Avant la Reka, la vie professionnelle de Christina Gnädinger n’a pas été de tout repos. En 1997, alors qu’elle est tout juste âgée de 26 ans et encore étudiante à la Faculté de psychologie de l’Université de Zurich, elle se voit confier la création du nouveau Centre de recherche sur la toxicomanie et la promotion de la santé du Département des affaires intérieures du canton de Schaffhouse. Elle met sur pied ce service en trois ans – et récolte au passage les compliments des milieux spécialisés. Pourtant, elle décide de changer de carrière parce que les choses ne bougent pas assez à son goût «et qu’il n’y avait pas de possibilités d’avancement au sein de l’administration». Pour elle, la promotion de la santé et la prévention de la toxicomanie en sont aujourd’hui «au même point qu’en 1999». En tant que responsable RH, ces questions lui tiennent toujours à cœur.
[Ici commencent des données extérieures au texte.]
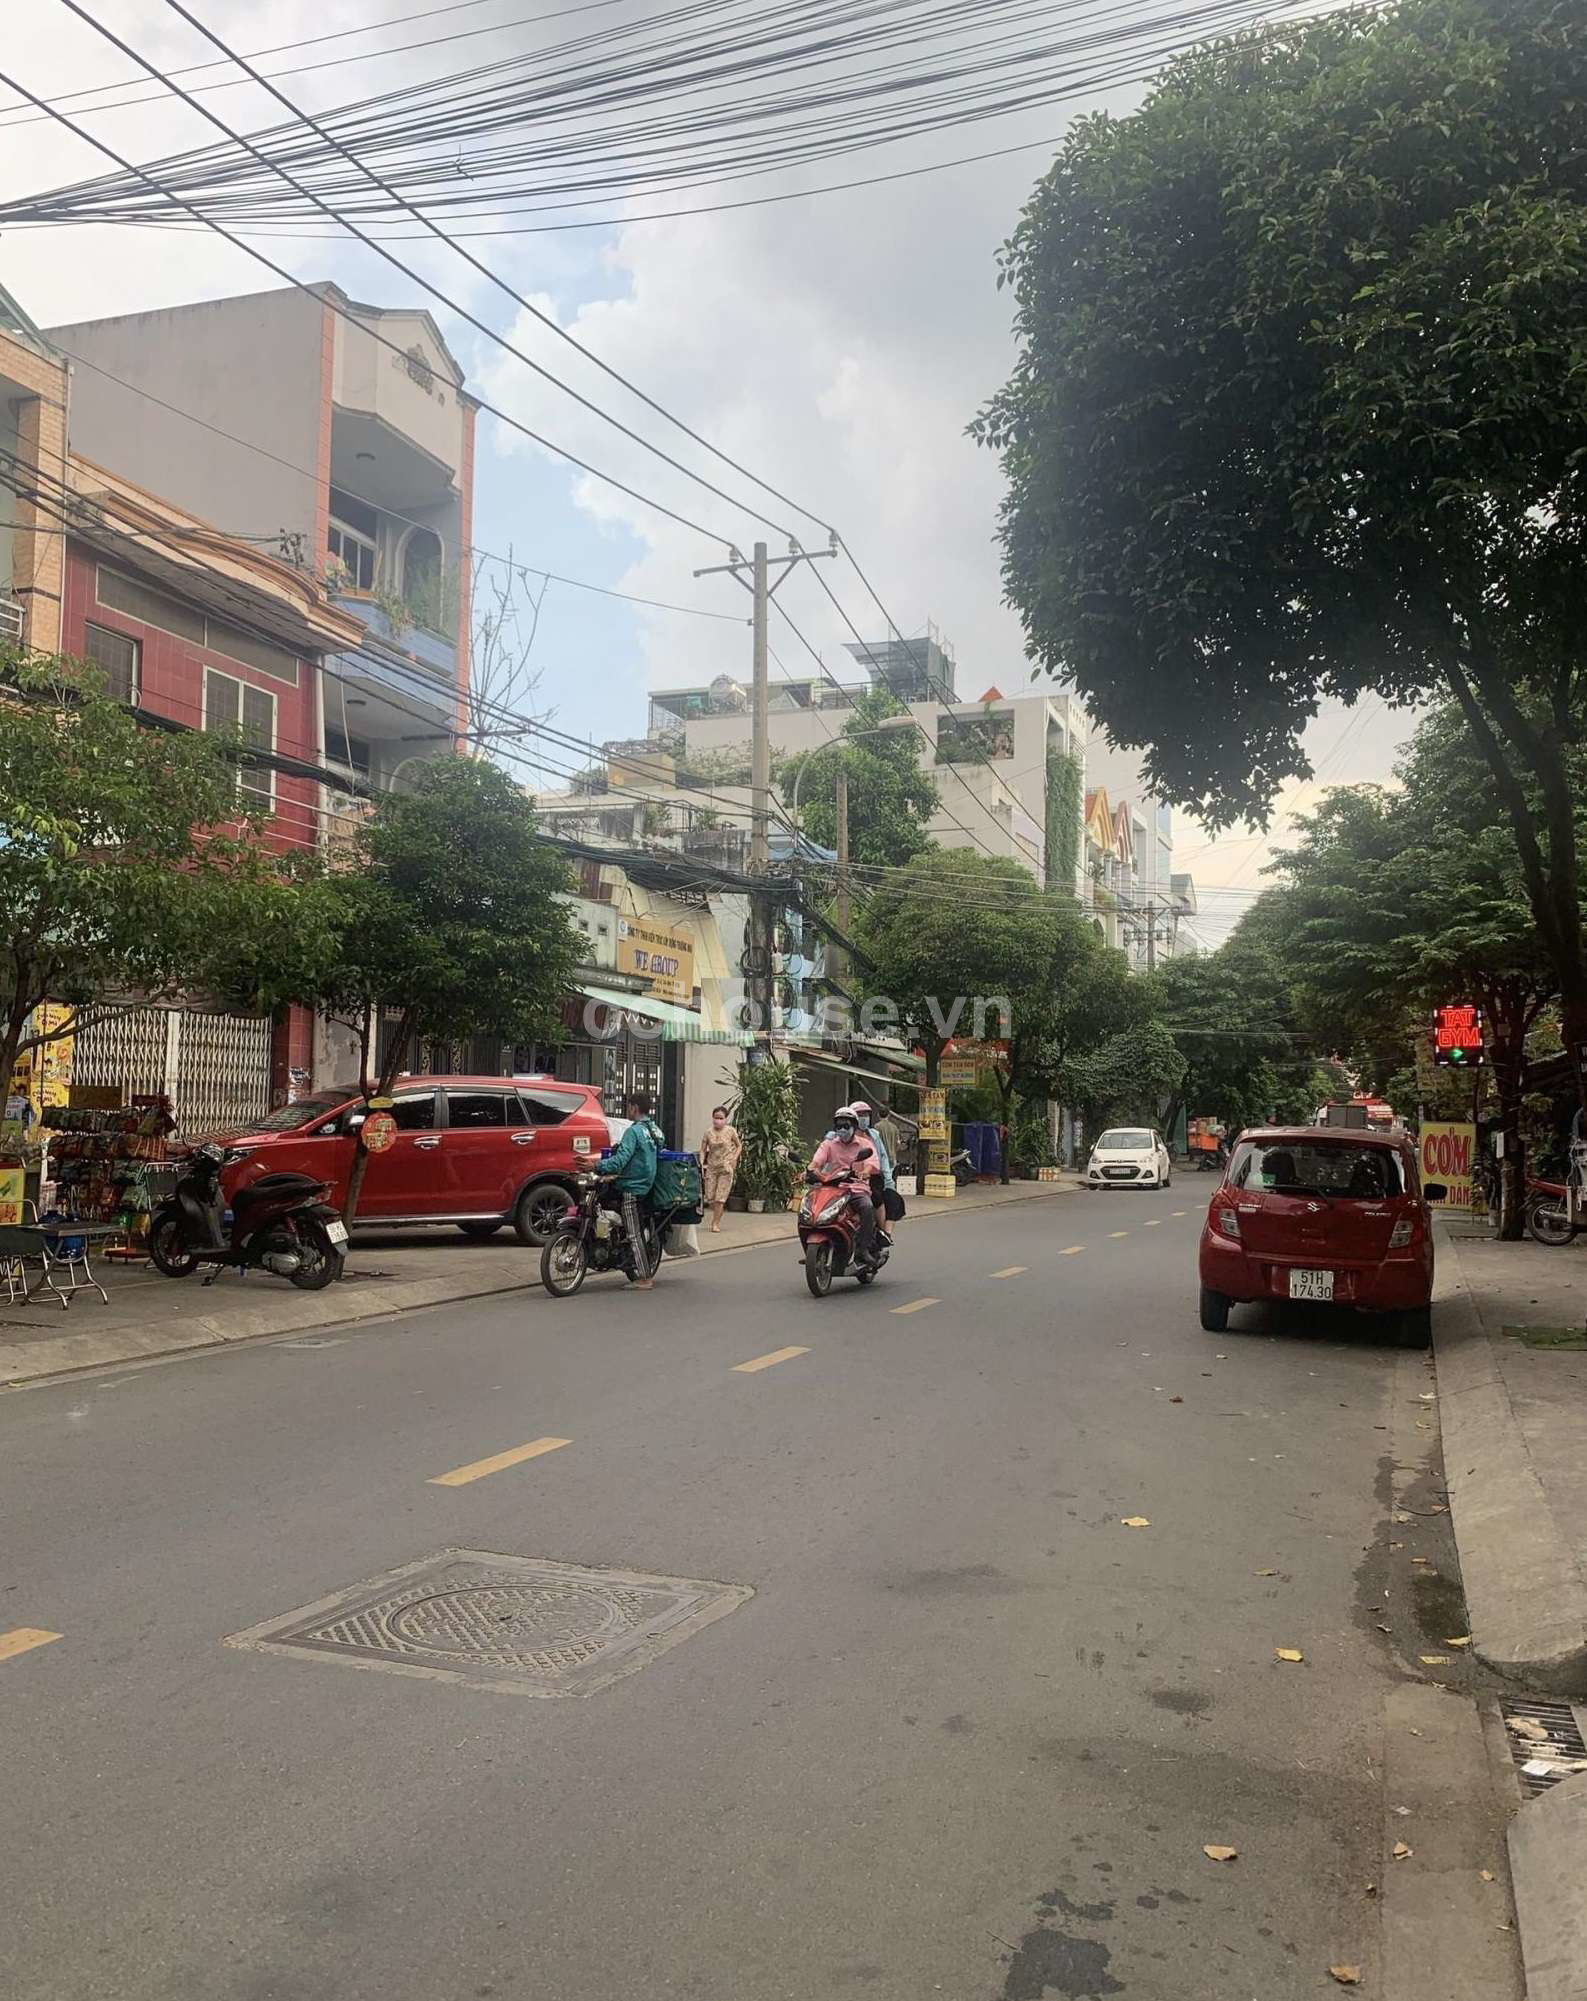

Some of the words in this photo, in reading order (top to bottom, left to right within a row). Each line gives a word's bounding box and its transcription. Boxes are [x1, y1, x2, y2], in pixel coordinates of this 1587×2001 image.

[634, 949, 648, 971] WE
[651, 954, 679, 977] GROUP
[1440, 1009, 1475, 1027] TAT
[1439, 1027, 1479, 1047] GYM
[1423, 1127, 1472, 1176] CƠM
[1300, 1271, 1324, 1285] 51H
[1292, 1285, 1332, 1299] 174.30
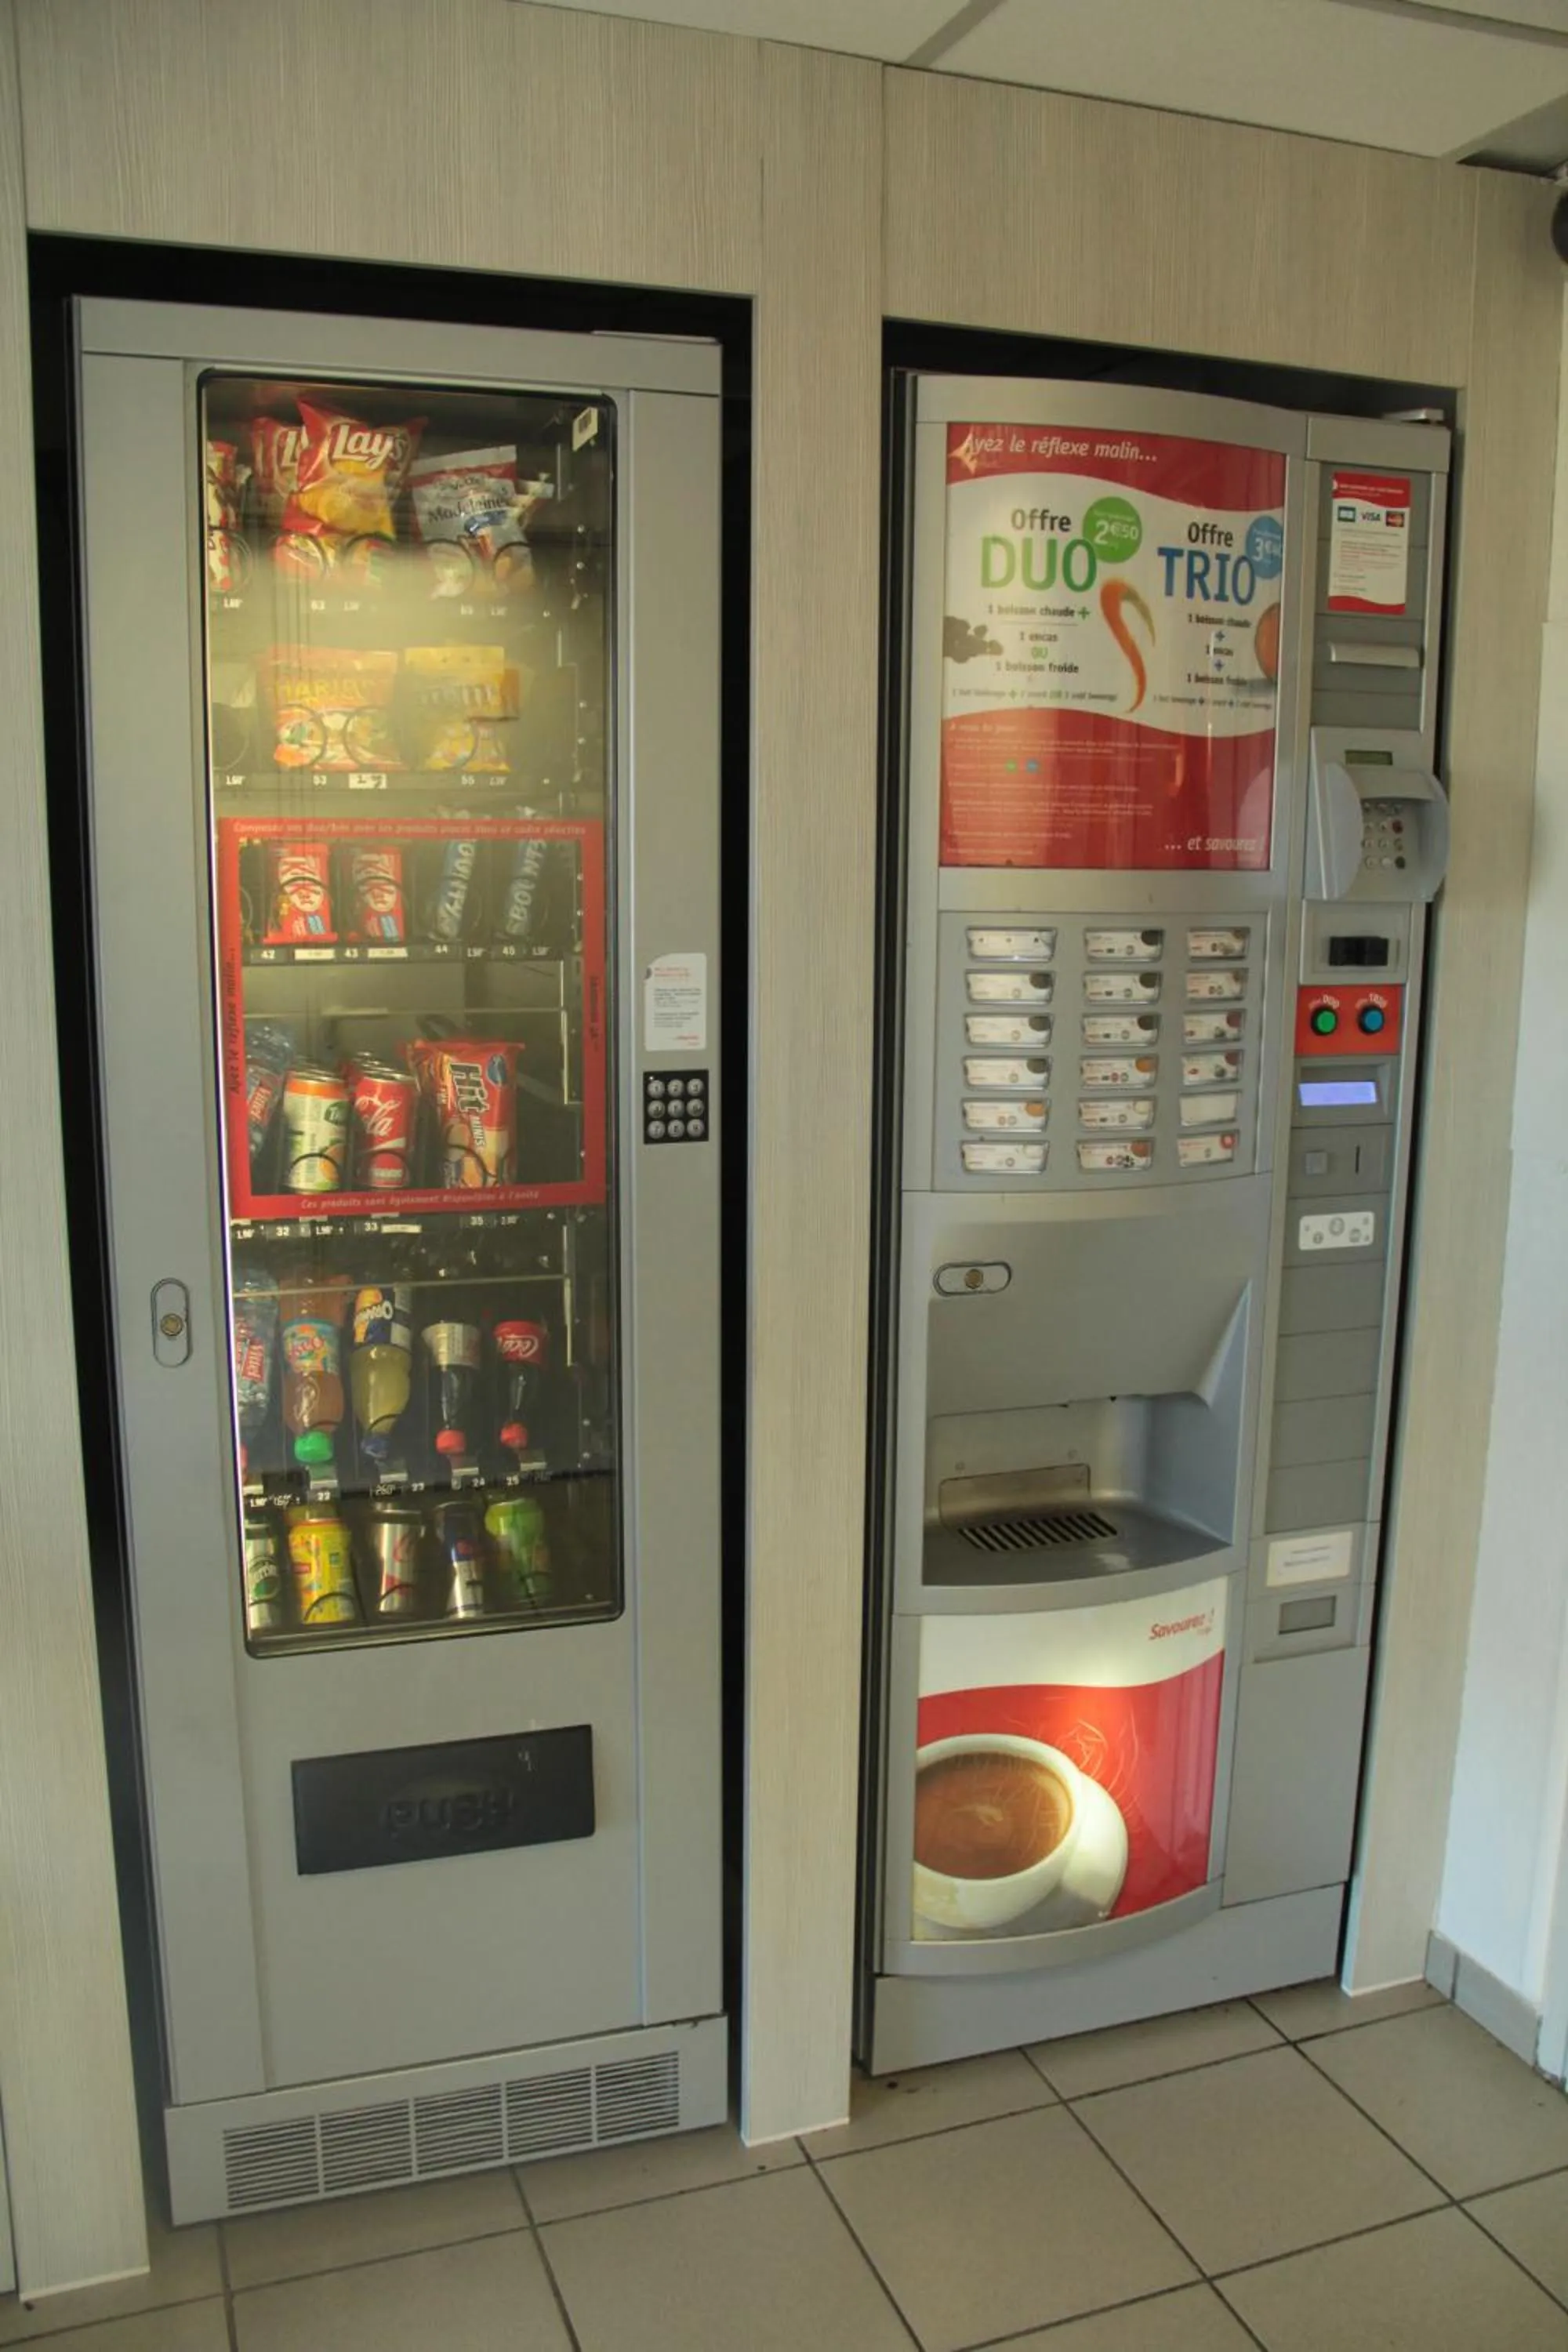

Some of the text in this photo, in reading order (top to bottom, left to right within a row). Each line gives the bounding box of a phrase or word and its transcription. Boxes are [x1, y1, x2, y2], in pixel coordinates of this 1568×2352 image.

[1010, 437, 1025, 452] le
[1032, 437, 1089, 456] réflexe
[1011, 508, 1073, 532] Offre
[1188, 521, 1234, 547] Offre
[980, 535, 1097, 592] DUO
[1157, 546, 1255, 606] TRIO
[1039, 605, 1076, 618] chaude
[1048, 662, 1080, 674] froide
[1187, 835, 1202, 851] et
[449, 1062, 491, 1113] Hit
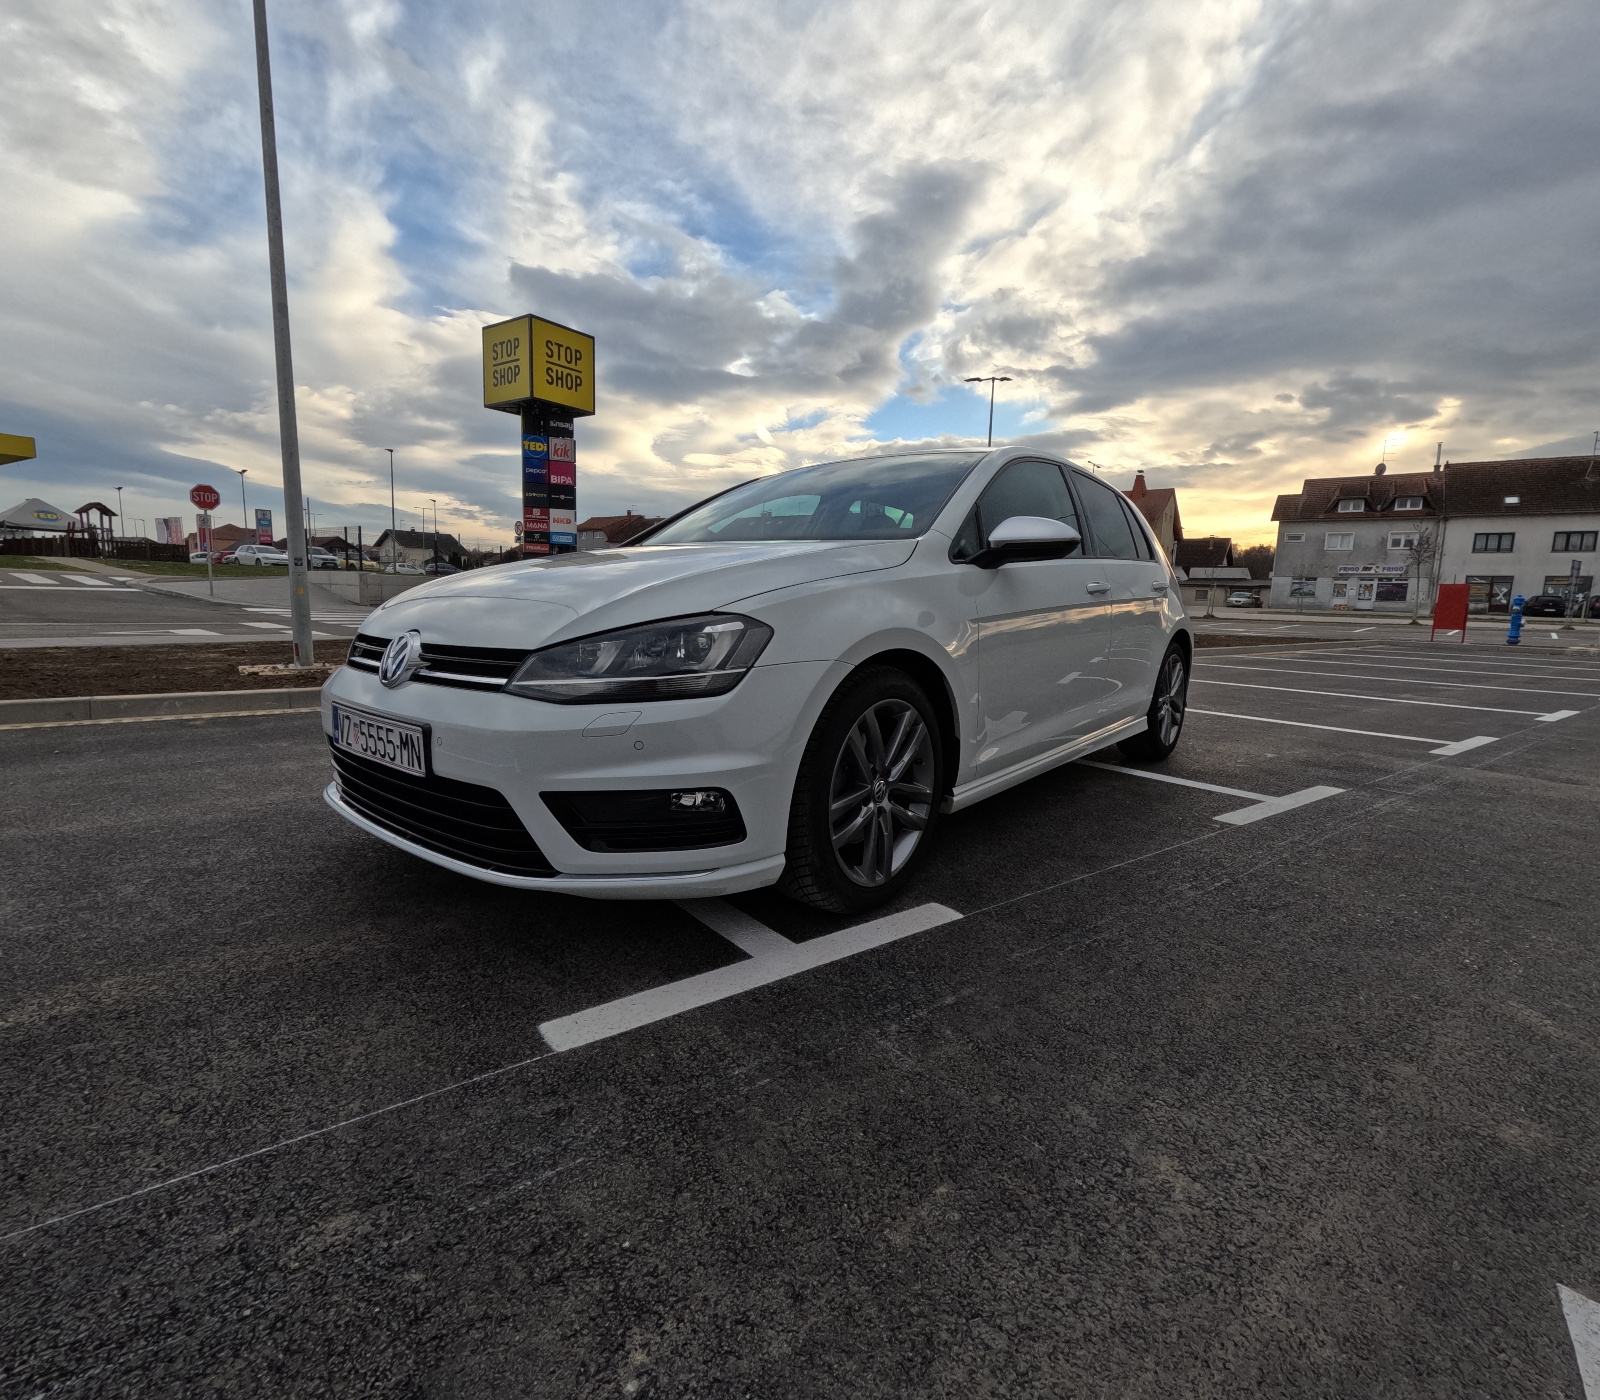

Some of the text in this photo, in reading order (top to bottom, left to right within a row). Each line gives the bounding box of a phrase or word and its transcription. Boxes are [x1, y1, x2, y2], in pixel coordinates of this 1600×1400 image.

C’est une connaissance qui lui signale, en 2000, que l’entreprise Georg Fischer à Schaffhouse recherche quelqu’un pour diriger son département RH. Engagée comme assistante personnelle de Georg Fischer, elle effectue en parallèle une formation de responsable RH et est propulsée au bout de six mois à la tête des ressources humaines d’un département comptant 300 employés. Sa carrière fulgurante connaît un coup d’arrêt en 2003, lorsque Georg Fischer vend trois des quatre divisions confiées à Christina Gnädinger. Le nombre d’employés dont elle s’occupe est ramené à vingt.

 

Elle exerce ensuite en tant que consultante RH chez Propers, puis comme HR Development Manager chez Swisscom (où elle participe à la création d’un Shared Services Center), et en tant que HR Manager & Business Partner chez Deloitte (où elle dirige différents projets RH pour la Suisse). Mais Deloitte Suisse est repris par la succursale anglaise du groupe. «Les projets que je menais au niveau suisse ont été supprimés.» Ne lui restent que des tâches opérationnelles, qu’elle refuse avec grâce.

 

L’année 2010 est marquée par son arrivée aux CFF en tant que responsable du développement des ressources humaines et spécialiste technique. Trois ans plus tard, pour la première fois de sa vie, elle s’autorise une pause: «Jusqu’à mes quarante ans, je n’avais pas connu grand-chose en dehors du travail», confie-t-elle. «J’étais trop concentrée sur mon statut professionnel.» Christina Gnädinger se définit comme quelqu’un d’entreprenant qui ne fait pas les choses à moitié. Le travail l’aiguillonne. Pendant toutes ces années, il n’était pas rare de la voir s’affairer au bureau de six heures du matin jusqu’à onze heures du soir. «Mais on regarde la vie différemment quand on a pris quelques années et qu’on est devenu plus sage.» Une situation stressante sur le plan privé et la disparition prématurée d’une amie de son âge, qu’elle a accompagnée jusqu’au bout, l’ont obligée à reconsidérer sa façon de voir les choses. «Cela m’a appris que tout peut nous échapper très vite.» Le nombre d’heures passées au bureau a diminué. Il arrive que sa journée se termine à 17 heures. Paradoxalement, Christina Gnädinger est devenue plus productive: «Je me concentre sur ce qui est important.» Aujourd’hui est un jour spécial: «Cet après-midi, j’ai pris congé. Je vais m’occuper de mon jardin et planter des fleurs», dit-elle avec un air radieux.

 

Chef de file

Née en 1971 à Schaffhouse, Christina Gnädinger vit une enfance heureuse et se signale dans le quartier comme la «chef de file». Le goût des RH lui vient sans doute de son père, qui s’est hissé au rang de chef du personnel chez Alusuisse. Après avoir étudié la psychologie à l’Université de Zurich, Christina Gnädinger prend les commandes du Centre cantonal schaffhousois de recherche sur la toxicomanie et la promotion de la santé. Son saut dans les RH a lieu quelques années plus tard chez Georg Fischer. Elle devient ensuite consultante RH chez Swisscom, avant d’intégrer Deloitte en 2007 et les CFF en 2010. Parallèlement, elle enseigne à l’école de commerce KVS et à la Haute école d’économie de Schaffhouse. Depuis juin 2016, elle est responsable RH de la Reka.

La Reka en bref

Fondée en 1939 dans le but de permettre aux familles et aux personnes à faibles revenus de bénéficier de vacances gratuites ou très bon marché, la Reka emploie 657 collaborateurs. C’est l’une des entreprises touristiques
les plus importantes de Suisse, avec un chiffre d’affaires de 629 millions de francs en 2016. La Reka exploite douze villages de vacances, onze résidences et un hôtel.